Records from a dataset:

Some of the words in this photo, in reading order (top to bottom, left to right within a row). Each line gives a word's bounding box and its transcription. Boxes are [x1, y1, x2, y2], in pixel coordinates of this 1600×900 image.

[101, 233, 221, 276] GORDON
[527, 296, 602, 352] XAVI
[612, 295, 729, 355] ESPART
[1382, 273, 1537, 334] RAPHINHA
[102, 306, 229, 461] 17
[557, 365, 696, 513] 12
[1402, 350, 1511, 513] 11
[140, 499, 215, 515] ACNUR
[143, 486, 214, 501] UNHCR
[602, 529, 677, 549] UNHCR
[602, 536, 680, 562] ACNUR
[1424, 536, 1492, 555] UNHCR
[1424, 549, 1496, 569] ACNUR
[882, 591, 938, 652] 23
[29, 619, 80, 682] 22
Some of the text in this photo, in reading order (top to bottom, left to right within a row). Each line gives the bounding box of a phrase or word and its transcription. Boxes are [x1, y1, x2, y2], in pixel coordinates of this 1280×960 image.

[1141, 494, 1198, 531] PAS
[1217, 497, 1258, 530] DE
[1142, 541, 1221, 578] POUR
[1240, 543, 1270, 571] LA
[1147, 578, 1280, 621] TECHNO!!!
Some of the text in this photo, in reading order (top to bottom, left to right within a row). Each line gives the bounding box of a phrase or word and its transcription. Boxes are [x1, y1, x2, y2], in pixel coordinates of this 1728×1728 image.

WORK ITEM
The records above should be repeated exactly. Print them all.

RESPONSE BELOW
Some of the words in this photo, in reading order (top to bottom, left to right within a row). Each line gives a word's bounding box and its transcription. Boxes are [x1, y1, x2, y2], in pixel coordinates of this 1600×900 image.

[101, 233, 221, 276] GORDON
[527, 296, 602, 352] XAVI
[612, 295, 729, 355] ESPART
[1382, 273, 1537, 334] RAPHINHA
[102, 306, 229, 461] 17
[557, 365, 696, 513] 12
[1402, 350, 1511, 513] 11
[140, 499, 215, 515] ACNUR
[143, 486, 214, 501] UNHCR
[602, 529, 677, 549] UNHCR
[602, 536, 680, 562] ACNUR
[1424, 536, 1492, 555] UNHCR
[1424, 549, 1496, 569] ACNUR
[882, 591, 938, 652] 23
[29, 619, 80, 682] 22
Some of the text in this photo, in reading order (top to bottom, left to right within a row). Each line gives the bounding box of a phrase or word and its transcription. Boxes are [x1, y1, x2, y2], in pixel coordinates of this 1280×960 image.

[1141, 494, 1198, 531] PAS
[1217, 497, 1258, 530] DE
[1142, 541, 1221, 578] POUR
[1240, 543, 1270, 571] LA
[1147, 578, 1280, 621] TECHNO!!!
Some of the text in this photo, in reading order (top to bottom, left to right within a row). Each line gives the bounding box of a phrase or word and its transcription. Boxes are [x1, y1, x2, y2], in pixel coordinates of this 1728×1728 image.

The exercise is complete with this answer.